# RECORDS FOR PROCESSING
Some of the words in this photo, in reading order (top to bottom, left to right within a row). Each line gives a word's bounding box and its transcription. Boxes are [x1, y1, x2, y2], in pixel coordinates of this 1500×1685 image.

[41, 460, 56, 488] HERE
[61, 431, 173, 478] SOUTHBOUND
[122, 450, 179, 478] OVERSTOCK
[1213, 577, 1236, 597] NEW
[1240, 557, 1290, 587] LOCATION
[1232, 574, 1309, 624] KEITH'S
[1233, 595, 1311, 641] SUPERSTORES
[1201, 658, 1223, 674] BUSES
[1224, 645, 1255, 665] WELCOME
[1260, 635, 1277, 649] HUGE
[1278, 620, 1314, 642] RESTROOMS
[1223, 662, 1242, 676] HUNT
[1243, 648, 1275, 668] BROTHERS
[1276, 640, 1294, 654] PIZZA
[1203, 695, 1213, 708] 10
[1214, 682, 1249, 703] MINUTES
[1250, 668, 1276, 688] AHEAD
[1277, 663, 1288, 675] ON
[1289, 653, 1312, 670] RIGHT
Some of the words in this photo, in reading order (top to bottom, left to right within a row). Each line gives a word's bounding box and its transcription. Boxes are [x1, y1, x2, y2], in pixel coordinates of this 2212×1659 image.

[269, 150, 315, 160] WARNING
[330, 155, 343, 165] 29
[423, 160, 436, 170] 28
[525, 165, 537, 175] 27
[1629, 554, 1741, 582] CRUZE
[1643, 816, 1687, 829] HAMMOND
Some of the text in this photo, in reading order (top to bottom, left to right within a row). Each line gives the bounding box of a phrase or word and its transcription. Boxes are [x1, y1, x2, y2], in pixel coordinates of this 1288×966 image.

# WORK INSTRUCTIONS
Would you please repeat all the entries exactly as written?

# SOLUTION BELOW
Some of the words in this photo, in reading order (top to bottom, left to right within a row). Each line gives a word's bounding box and its transcription. Boxes are [x1, y1, x2, y2], in pixel coordinates of this 1500×1685 image.

[41, 460, 56, 488] HERE
[61, 431, 173, 478] SOUTHBOUND
[122, 450, 179, 478] OVERSTOCK
[1213, 577, 1236, 597] NEW
[1240, 557, 1290, 587] LOCATION
[1232, 574, 1309, 624] KEITH'S
[1233, 595, 1311, 641] SUPERSTORES
[1201, 658, 1223, 674] BUSES
[1224, 645, 1255, 665] WELCOME
[1260, 635, 1277, 649] HUGE
[1278, 620, 1314, 642] RESTROOMS
[1223, 662, 1242, 676] HUNT
[1243, 648, 1275, 668] BROTHERS
[1276, 640, 1294, 654] PIZZA
[1203, 695, 1213, 708] 10
[1214, 682, 1249, 703] MINUTES
[1250, 668, 1276, 688] AHEAD
[1277, 663, 1288, 675] ON
[1289, 653, 1312, 670] RIGHT
Some of the words in this photo, in reading order (top to bottom, left to right within a row). Each line gives a word's bounding box and its transcription. Boxes are [x1, y1, x2, y2], in pixel coordinates of this 2212×1659 image.

[269, 150, 315, 160] WARNING
[330, 155, 343, 165] 29
[423, 160, 436, 170] 28
[525, 165, 537, 175] 27
[1629, 554, 1741, 582] CRUZE
[1643, 816, 1687, 829] HAMMOND
Some of the text in this photo, in reading order (top to bottom, left to right within a row). Each line gives the bounding box of a phrase or word and its transcription. Boxes are [x1, y1, x2, y2], in pixel coordinates of this 1288×966 image.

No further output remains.